Could you restate the data word for word and drop the pictures?

Image-backed grounding data
########
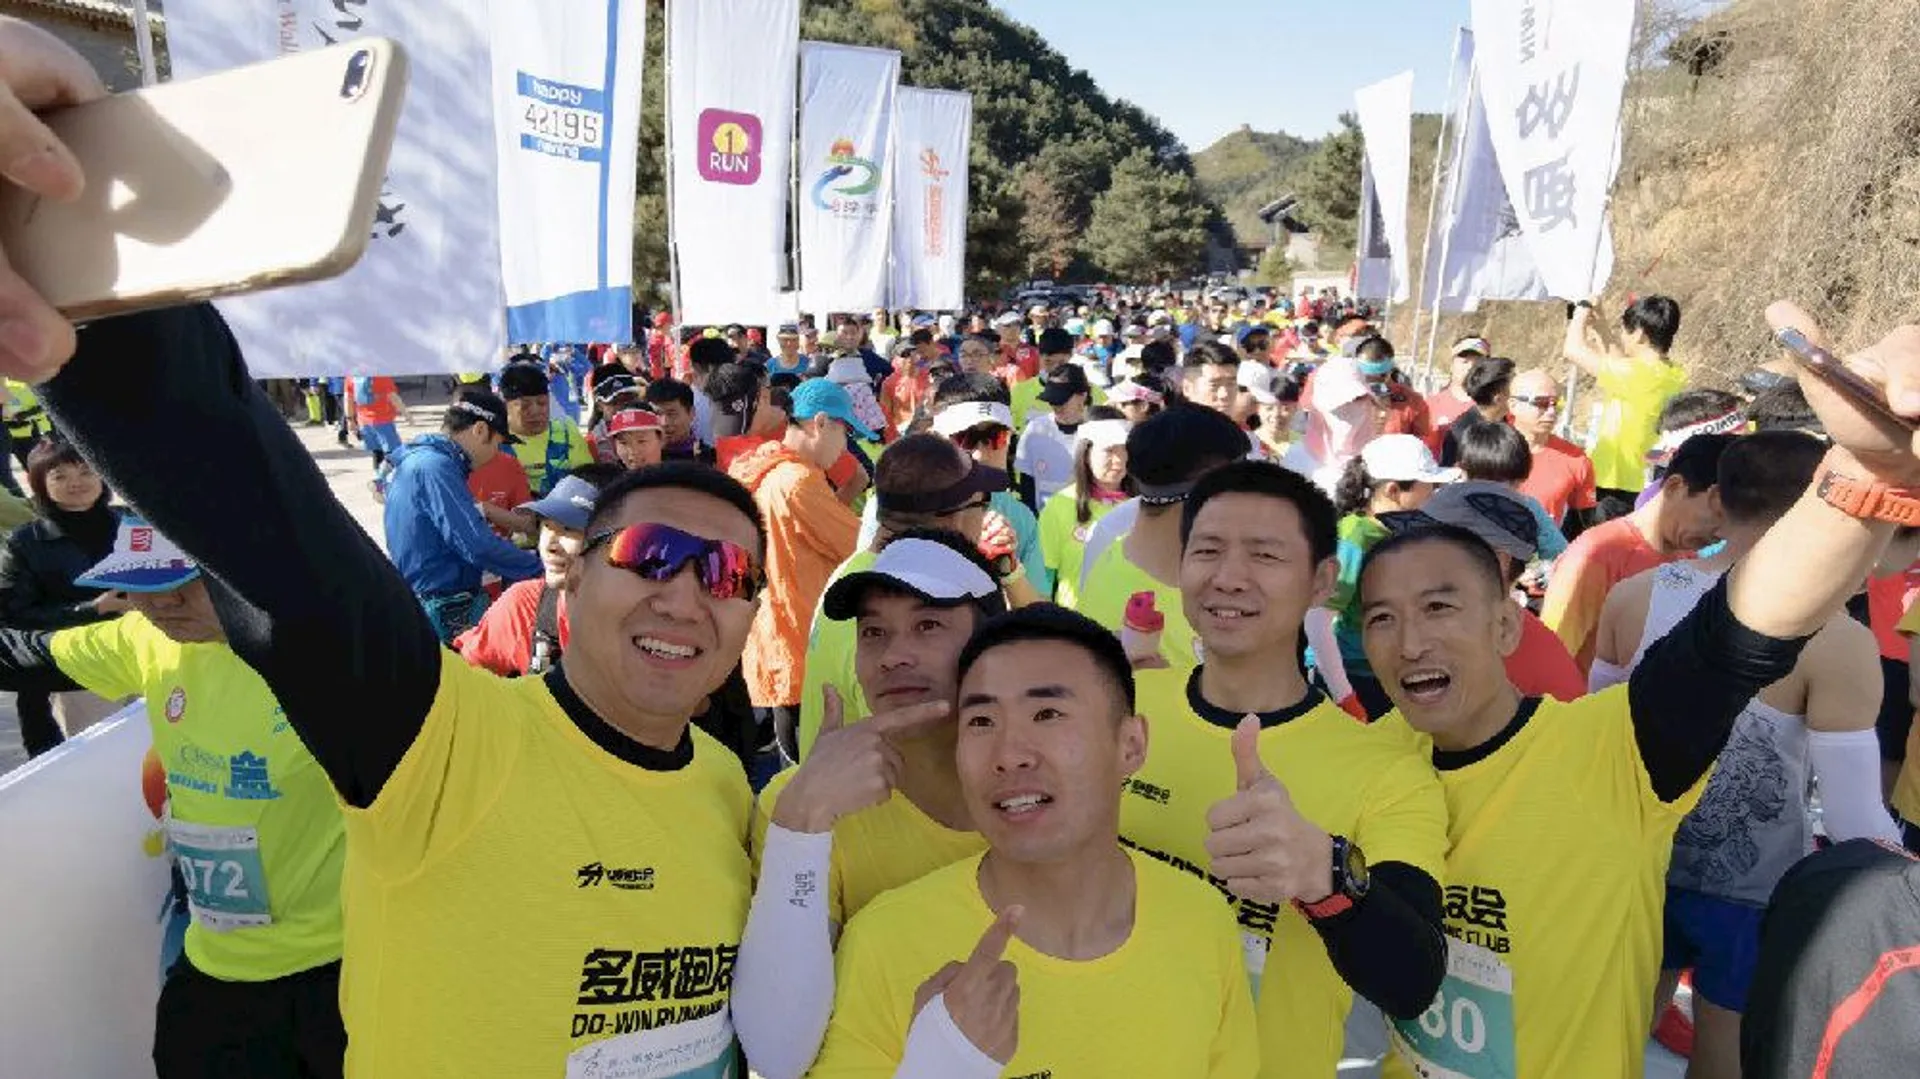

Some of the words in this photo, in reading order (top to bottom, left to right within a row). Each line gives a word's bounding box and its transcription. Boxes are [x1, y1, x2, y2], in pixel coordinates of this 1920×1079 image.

[532, 79, 582, 105] happy
[524, 103, 597, 144] 42195
[723, 129, 733, 153] 1
[709, 151, 749, 173] RUN
########
* **Response**:
Some of the words in this photo, in reading order (top to bottom, left to right within a row). Each line gives a word's bounding box and its transcription. Boxes are [x1, y1, x2, y2], in pixel coordinates of this 1920×1079 image.

[532, 79, 582, 105] happy
[524, 103, 597, 144] 42195
[723, 129, 733, 153] 1
[709, 151, 749, 173] RUN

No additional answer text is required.